Tea tree oil plants can tolerate temperature of -7 degree C. For best results this plant requires warm and humid conditions. This plant is not winter hardy. In indoor growing, a sunny window is ideal and for outdoor growing, full sunlight is best for the growth of the plant. If the temperature is too dry and cold, then the leaf drop will occur.

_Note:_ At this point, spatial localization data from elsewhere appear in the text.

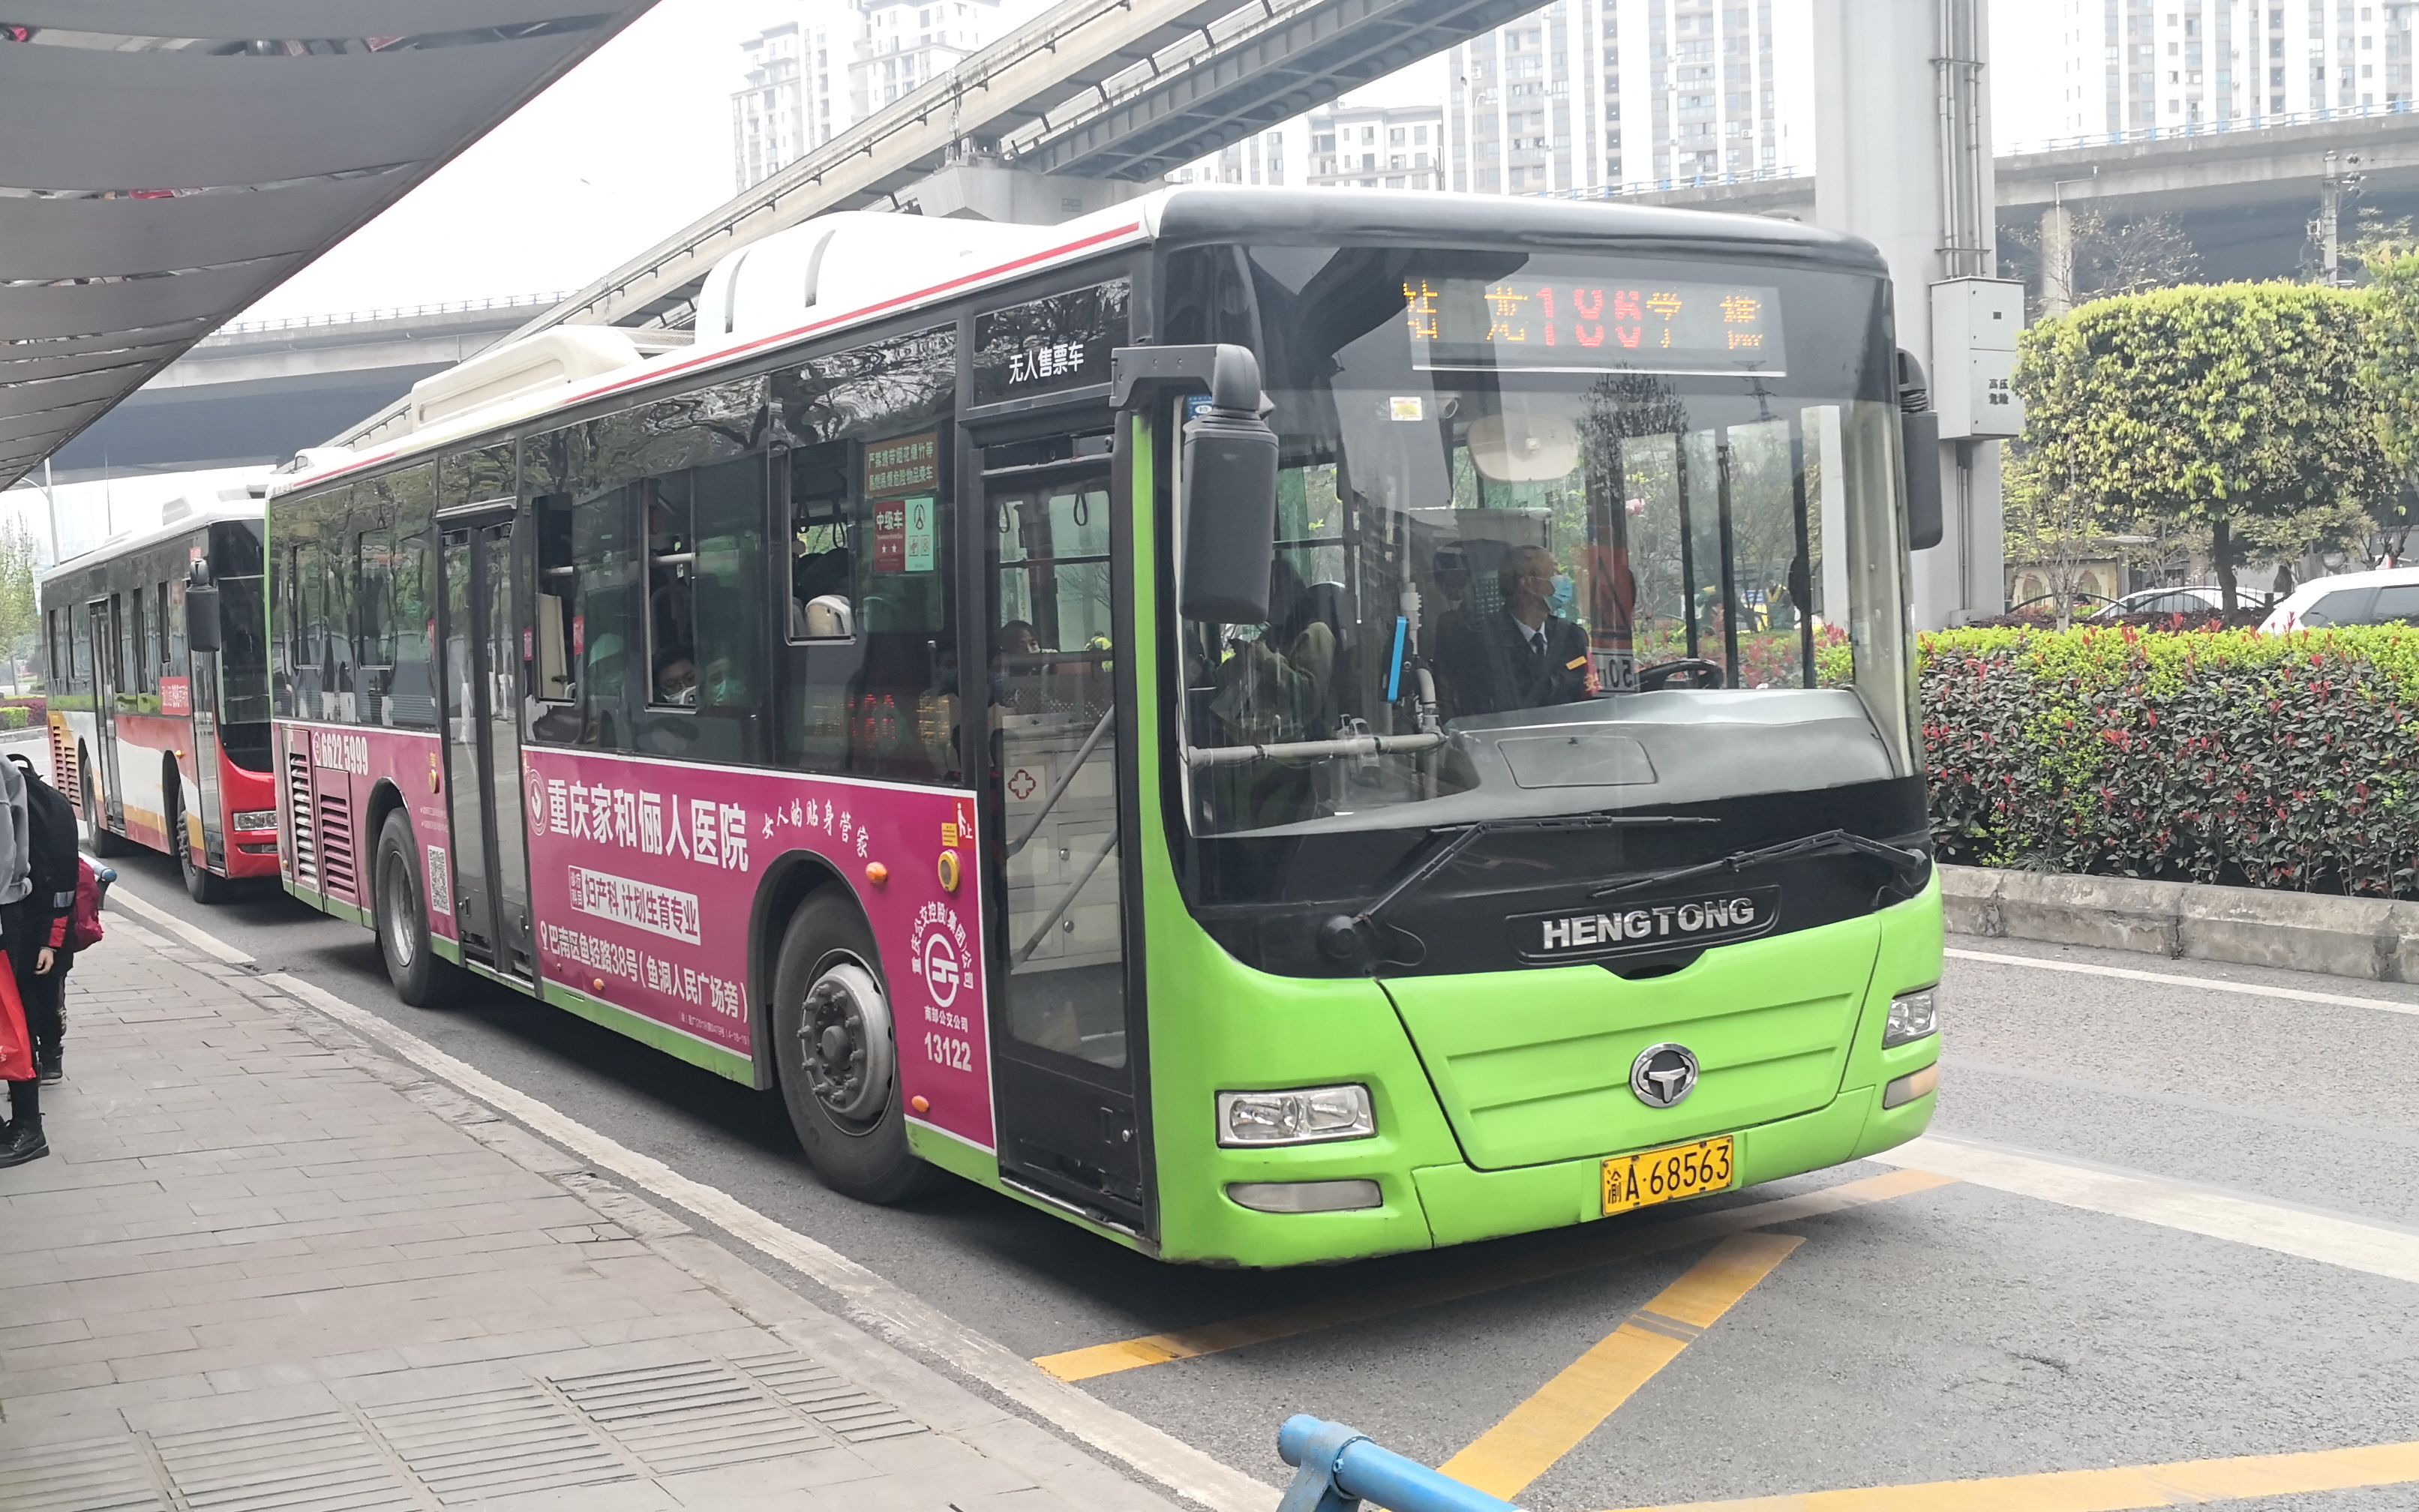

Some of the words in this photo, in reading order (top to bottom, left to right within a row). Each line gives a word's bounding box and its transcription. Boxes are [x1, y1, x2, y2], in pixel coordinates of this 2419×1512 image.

[1009, 340, 1084, 384] 无人售票车
[876, 510, 904, 531] 中级车
[548, 779, 749, 872] 重庆家和俪人医院
[762, 798, 869, 858] 女人的贴身管家
[585, 874, 619, 916] 妇产科
[622, 884, 698, 937] 计划生育专业
[1542, 898, 1754, 950] HENGTONG
[924, 1006, 968, 1033] 南部公交公司
[924, 1031, 972, 1072] 13122

Flowering and Maturing Care

The Tea tree oil plant requires less care and maintenance. It can tolerate shade and can survive in most soils. It requires fertilizers for the growth of plants. Organic fertilizers are also essential because they keep the roots healthy. In the first season, it requires protection from the cold. Liquid fertilizers are good for them.

Harvest

The plant is harvested annually. Its leaves are harvested when they are fully mature. Harvesting is done by the big machines and also picking by hand in regular rotation in the spring and late summer season.

Pests and Pesticides

Tea tree oil is used as an insecticide for the plants. So pests and diseases are hardly ever an issue for the plant because its oil is strong. Mealy bug is one pest which attacks the tea tree plant.

Uses

The tea tree oil is used for medicinal purpose. Its leaves are used to treat headache and other ailments. Tea tree oil is used in cosmetics. It is used to treat minor burns and severe acne problems. As an herbal remedy it is directly applied to the skin to treat wounds. It boosts the immune system and is helpful in treating cancer. This oil is found in shampoos, antiseptic first aid, deodorants and household cleaning products. For respiratory illness and cold, the drops of this oil are added into a vaporizer for inhalation of its vapor. Its drops are also added to bath water. This oil is also mixed in water as a mouthwash.  It is used to treat all types of skin infections. It also helps in soothing sunburns and insect bites. It reduces rashes and also acts in relieving itchiness from rashes and asthma and breathing conditions. It is also used in the homemade toothpastes. It is used to treat ringworms and warts. This oil is used to treat sore throats and is also helpful in healing vaginal yeast infections.